* [TASK REQUIREMENTS]:
Could you repeat the records below exactly, leaving the pictures out?

* [PROVIDED DATA]:
***

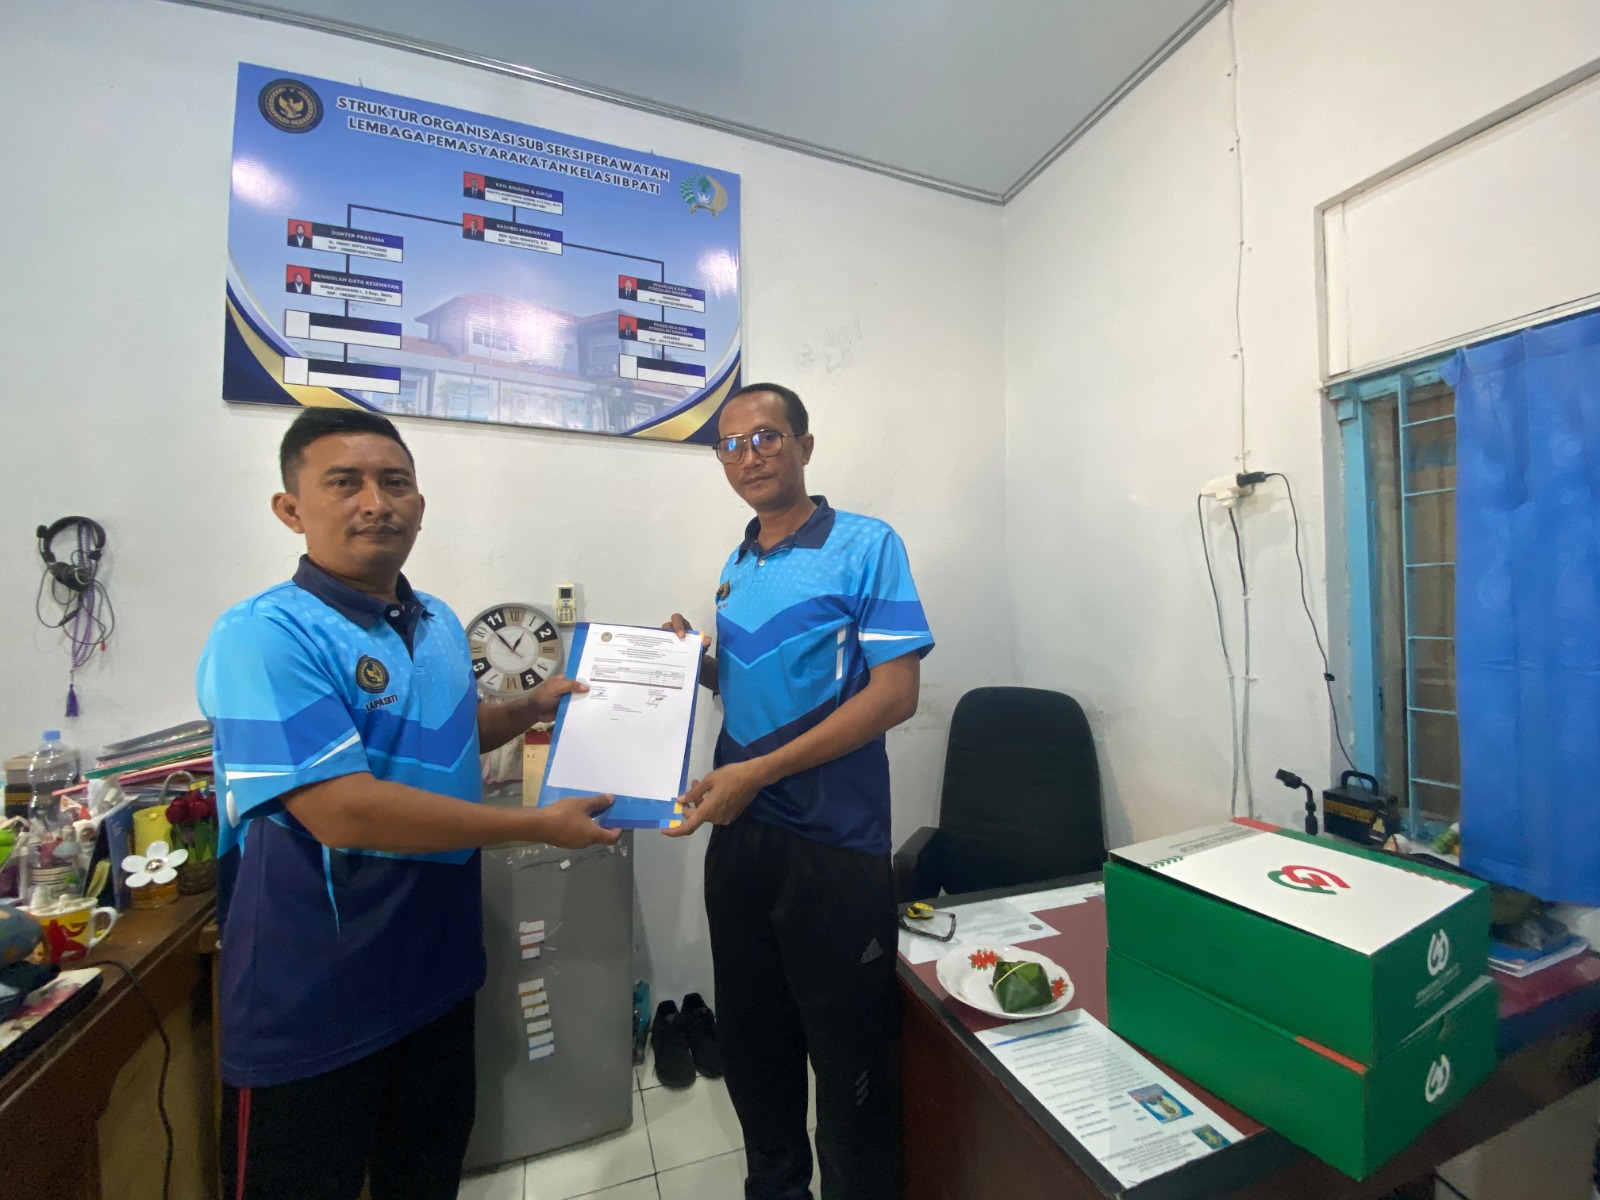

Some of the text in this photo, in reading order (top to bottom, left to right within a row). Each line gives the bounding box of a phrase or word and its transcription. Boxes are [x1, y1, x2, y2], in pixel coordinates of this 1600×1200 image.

[337, 97, 670, 181] STRUKTUR ORGANISASI SUB SEKSI PERAWATAN
[349, 117, 424, 143] LEMBAGA
[427, 134, 569, 175] PEMASYARAKATAN
[569, 166, 611, 184] KELAS
[622, 177, 630, 188] B
[631, 179, 660, 195] PATI
[331, 230, 385, 243] DOKTER PRATAMA
[519, 227, 551, 238] PERAWATAN
[313, 273, 347, 283] PENGOLAH
[365, 280, 399, 290] KESEHATAN
[488, 613, 503, 626] 11
[510, 610, 519, 622] XII
[540, 628, 552, 638] 2
[525, 674, 535, 685] 5

***

* [ANSWER SECTION]:
Some of the text in this photo, in reading order (top to bottom, left to right within a row). Each line gives the bounding box of a phrase or word and its transcription. Boxes are [x1, y1, x2, y2], in pixel coordinates of this 1600×1200 image.

[337, 97, 670, 181] STRUKTUR ORGANISASI SUB SEKSI PERAWATAN
[349, 117, 424, 143] LEMBAGA
[427, 134, 569, 175] PEMASYARAKATAN
[569, 166, 611, 184] KELAS
[622, 177, 630, 188] B
[631, 179, 660, 195] PATI
[331, 230, 385, 243] DOKTER PRATAMA
[519, 227, 551, 238] PERAWATAN
[313, 273, 347, 283] PENGOLAH
[365, 280, 399, 290] KESEHATAN
[488, 613, 503, 626] 11
[510, 610, 519, 622] XII
[540, 628, 552, 638] 2
[525, 674, 535, 685] 5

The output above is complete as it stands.